Customizing results order using SortOptions

Indexes in RavenDB are lexicographically sorted by default, so all queries return results which are ordered lexicographically. When putting a static index in RavenDB, you can specify custom sorting requirements, to ensure results are sorted the way you want them to.

Native types

Dates are written to the index in a form which preserves lexicography order, and is readable by both human and machine (like so: 2011-04-04T11:28:46.0404749+03:00), so this requires no user intervention, too.
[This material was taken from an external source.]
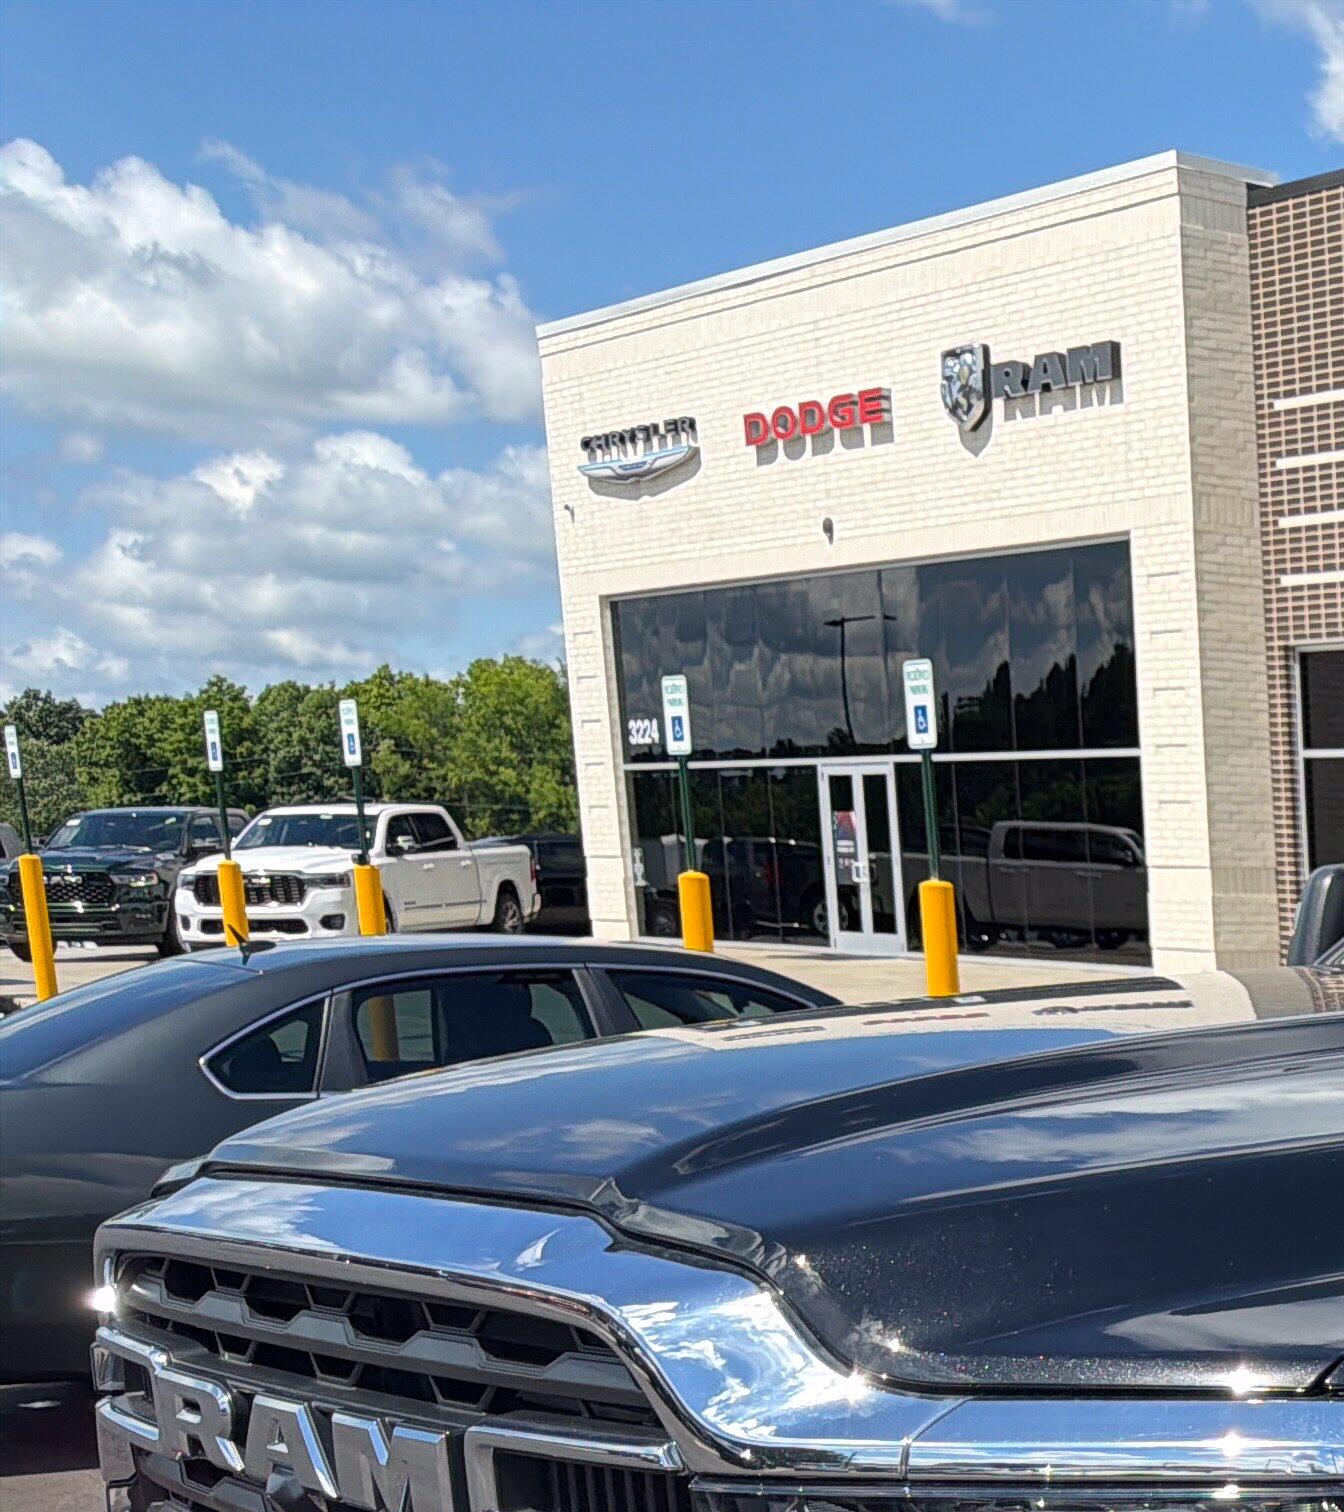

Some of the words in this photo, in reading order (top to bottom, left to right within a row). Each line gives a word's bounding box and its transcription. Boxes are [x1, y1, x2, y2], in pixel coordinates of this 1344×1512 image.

[991, 340, 1119, 399] RAM
[580, 416, 697, 453] CHRYSLER
[743, 387, 889, 447] DODGE
[628, 717, 660, 745] 3224
Numerical values, on the other hand, are stored as text and therefore require the user to specify explicitly what is the number type used so a correct sorting mechanism is enforced. This is quite easily done, by declaring the required sorting setup in SortOptions in the index definition:

public class SampleIndex1 : AbstractIndexCreationTask<Customer, Customer>
{
	public SampleIndex1()
	{
		Map = users => from user in users
					   select new
						   {
							   user.Age
						   };

		Sort(x => x.Age, SortOptions.Short);
	}
}

The index outlined above will allow sorting by value on the user's age (1, 2, 3, 11, etc). If we wouldn't specify this option, it would have been sorted lexically (1, 11, 2, 3, etc).
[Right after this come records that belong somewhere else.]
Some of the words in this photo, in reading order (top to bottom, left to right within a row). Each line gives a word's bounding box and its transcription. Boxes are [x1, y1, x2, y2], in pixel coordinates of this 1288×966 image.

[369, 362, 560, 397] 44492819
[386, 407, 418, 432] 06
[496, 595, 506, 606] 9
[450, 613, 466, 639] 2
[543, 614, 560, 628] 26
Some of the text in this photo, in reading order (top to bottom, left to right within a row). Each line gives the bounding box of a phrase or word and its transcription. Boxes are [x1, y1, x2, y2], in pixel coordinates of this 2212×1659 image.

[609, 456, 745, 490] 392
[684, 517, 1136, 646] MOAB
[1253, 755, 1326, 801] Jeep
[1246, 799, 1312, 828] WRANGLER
The default SortOptions value is String. Appropriate values available for all numeric types (Byte, Double, Float, Int, Long and Short).

Collation support

RavenDB supports using collations for documents sorting and indexing. You can setup a specific collation for an index field, so you can sort based of culture specific rules.

The following is an example of an index definition which allows sorting based on the Swedish lexical sorting rules:

public class SampleIndex2 : AbstractIndexCreationTask<Customer, Customer>
{
	public SampleIndex2()
	{
		Map = users => from doc in users select new { doc.Name };

		Sort(x => x.Name, SortOptions.String);

		Analyzers.Add(x => x.Name, "Raven.Database.Indexing.Collation.Cultures.SvCollationAnalyzer, Raven.Database");
	}
}

In general, you can sort using [two-letters-culture-name]CollationAnalyzer, and all the cultures supported by the .NET framework are supported.